_What to work on_
Write out all of the data again, precisely as it appears.

_Stored data_
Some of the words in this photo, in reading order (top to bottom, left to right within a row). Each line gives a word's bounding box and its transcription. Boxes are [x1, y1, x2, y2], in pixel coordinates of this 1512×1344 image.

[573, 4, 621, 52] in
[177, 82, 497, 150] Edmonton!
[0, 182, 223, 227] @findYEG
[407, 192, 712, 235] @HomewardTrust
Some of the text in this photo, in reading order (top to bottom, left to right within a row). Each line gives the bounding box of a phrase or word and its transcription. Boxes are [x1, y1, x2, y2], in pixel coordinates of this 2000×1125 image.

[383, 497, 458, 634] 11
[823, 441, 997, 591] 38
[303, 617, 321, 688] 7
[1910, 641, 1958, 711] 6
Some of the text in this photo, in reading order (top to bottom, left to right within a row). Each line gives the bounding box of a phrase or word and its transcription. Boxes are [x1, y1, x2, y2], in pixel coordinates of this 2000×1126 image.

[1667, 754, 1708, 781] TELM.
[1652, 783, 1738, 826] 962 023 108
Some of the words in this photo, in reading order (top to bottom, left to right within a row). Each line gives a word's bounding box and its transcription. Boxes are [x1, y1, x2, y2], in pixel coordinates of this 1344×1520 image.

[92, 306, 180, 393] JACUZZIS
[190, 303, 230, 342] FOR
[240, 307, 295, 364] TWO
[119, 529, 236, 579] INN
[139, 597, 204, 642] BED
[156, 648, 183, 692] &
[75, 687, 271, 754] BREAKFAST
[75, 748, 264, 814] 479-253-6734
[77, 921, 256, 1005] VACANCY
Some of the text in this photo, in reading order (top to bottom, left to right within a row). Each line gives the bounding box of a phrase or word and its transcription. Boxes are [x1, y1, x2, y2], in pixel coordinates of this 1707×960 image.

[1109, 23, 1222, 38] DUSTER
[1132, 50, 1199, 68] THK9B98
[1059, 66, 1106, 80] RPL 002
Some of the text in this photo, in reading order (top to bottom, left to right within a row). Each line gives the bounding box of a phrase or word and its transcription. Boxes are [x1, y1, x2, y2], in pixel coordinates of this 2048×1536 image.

_Solution to the problem_
Some of the words in this photo, in reading order (top to bottom, left to right within a row). Each line gives a word's bounding box and its transcription. Boxes are [x1, y1, x2, y2], in pixel coordinates of this 1512×1344 image.

[573, 4, 621, 52] in
[177, 82, 497, 150] Edmonton!
[0, 182, 223, 227] @findYEG
[407, 192, 712, 235] @HomewardTrust
Some of the text in this photo, in reading order (top to bottom, left to right within a row). Each line gives the bounding box of a phrase or word and its transcription. Boxes are [x1, y1, x2, y2], in pixel coordinates of this 2000×1125 image.

[383, 497, 458, 634] 11
[823, 441, 997, 591] 38
[303, 617, 321, 688] 7
[1910, 641, 1958, 711] 6
Some of the text in this photo, in reading order (top to bottom, left to right within a row). Each line gives the bounding box of a phrase or word and its transcription. Boxes are [x1, y1, x2, y2], in pixel coordinates of this 2000×1126 image.

[1667, 754, 1708, 781] TELM.
[1652, 783, 1738, 826] 962 023 108
Some of the words in this photo, in reading order (top to bottom, left to right within a row). Each line gives a word's bounding box and its transcription. Boxes are [x1, y1, x2, y2], in pixel coordinates of this 1344×1520 image.

[92, 306, 180, 393] JACUZZIS
[190, 303, 230, 342] FOR
[240, 307, 295, 364] TWO
[119, 529, 236, 579] INN
[139, 597, 204, 642] BED
[156, 648, 183, 692] &
[75, 687, 271, 754] BREAKFAST
[75, 748, 264, 814] 479-253-6734
[77, 921, 256, 1005] VACANCY
Some of the text in this photo, in reading order (top to bottom, left to right within a row). Each line gives the bounding box of a phrase or word and its transcription. Boxes are [x1, y1, x2, y2], in pixel coordinates of this 1707×960 image.

[1109, 23, 1222, 38] DUSTER
[1132, 50, 1199, 68] THK9B98
[1059, 66, 1106, 80] RPL 002
Some of the text in this photo, in reading order (top to bottom, left to right within a row). Each line gives the bounding box of a phrase or word and its transcription. Boxes are [x1, y1, x2, y2], in pixel coordinates of this 2048×1536 image.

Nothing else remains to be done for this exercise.